WORK TO COMPLETE: All of the data below must be reproduced word for word, but without its images.

[Dataset entries]

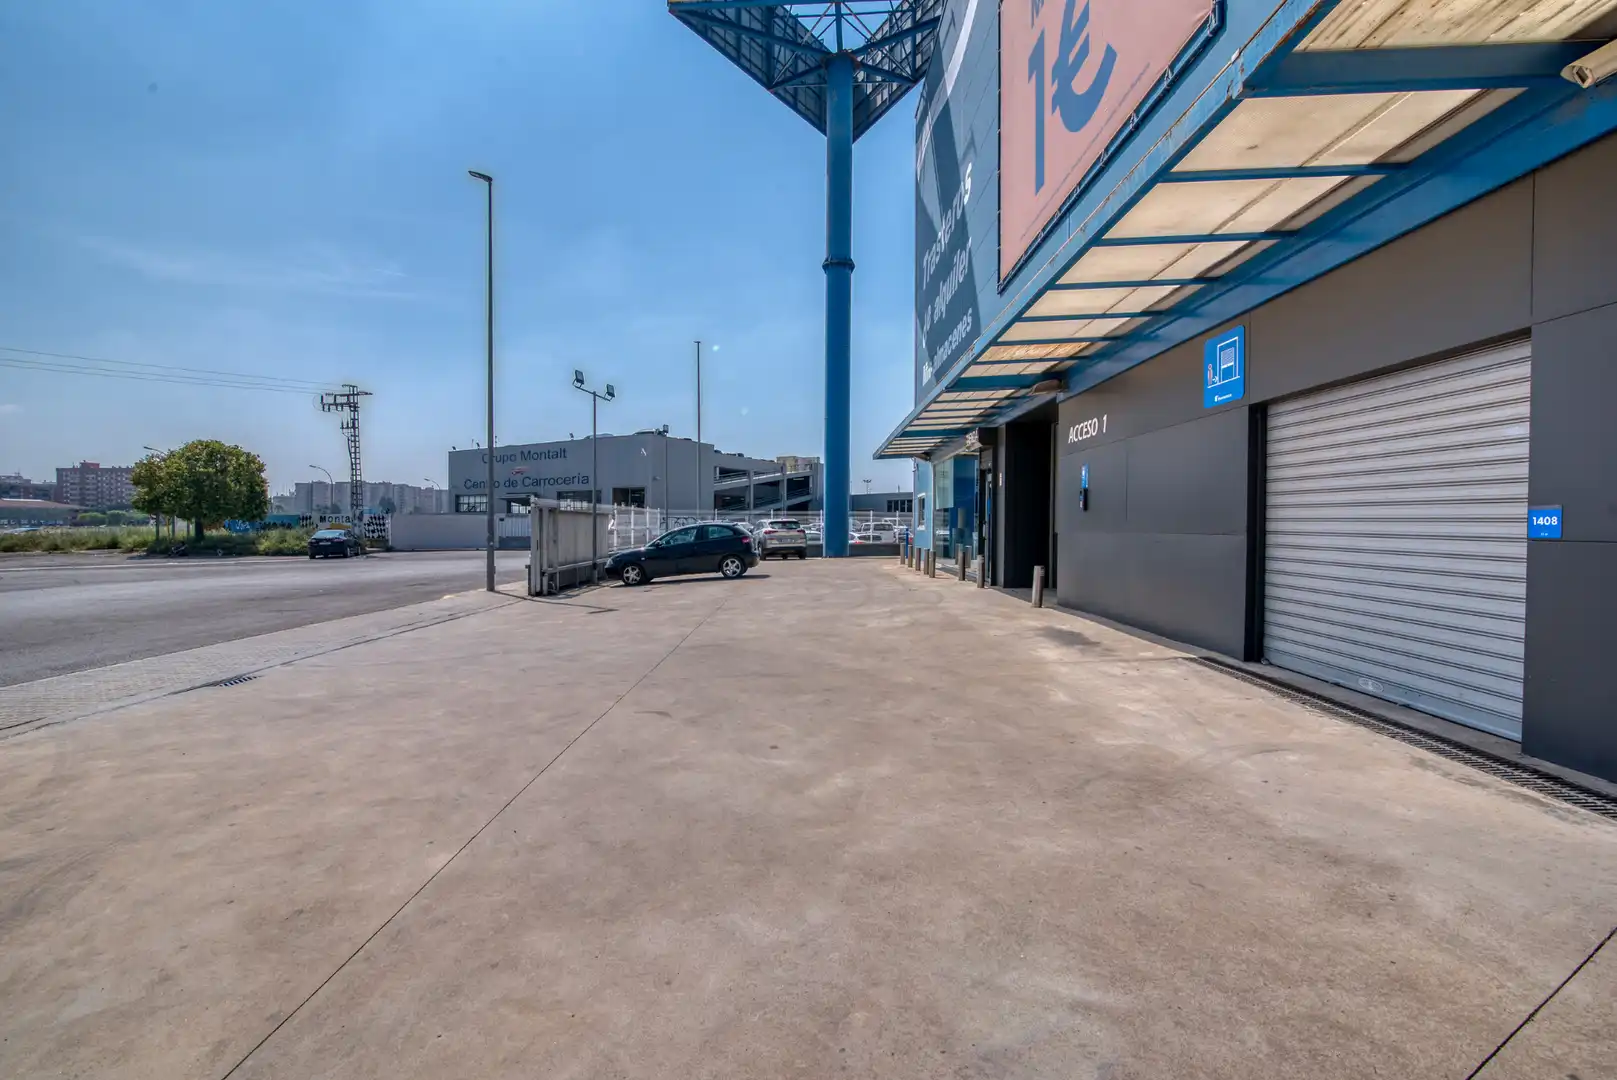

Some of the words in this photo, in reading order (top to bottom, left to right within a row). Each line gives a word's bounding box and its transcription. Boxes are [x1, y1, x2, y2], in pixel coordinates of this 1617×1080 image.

[923, 162, 972, 291] Trasteros
[933, 236, 972, 324] alquiler
[1068, 417, 1099, 444] ACCESO
[1102, 413, 1108, 434] 1
[520, 447, 567, 461] Montalt
[463, 479, 500, 490] Ceno
[503, 477, 518, 488] de
[1532, 516, 1558, 526] 1408

OUTPUT OF THE TASK:
Some of the words in this photo, in reading order (top to bottom, left to right within a row). Each line gives a word's bounding box and its transcription. Boxes are [x1, y1, x2, y2], in pixel coordinates of this 1617×1080 image.

[923, 162, 972, 291] Trasteros
[933, 236, 972, 324] alquiler
[1068, 417, 1099, 444] ACCESO
[1102, 413, 1108, 434] 1
[520, 447, 567, 461] Montalt
[463, 479, 500, 490] Ceno
[503, 477, 518, 488] de
[1532, 516, 1558, 526] 1408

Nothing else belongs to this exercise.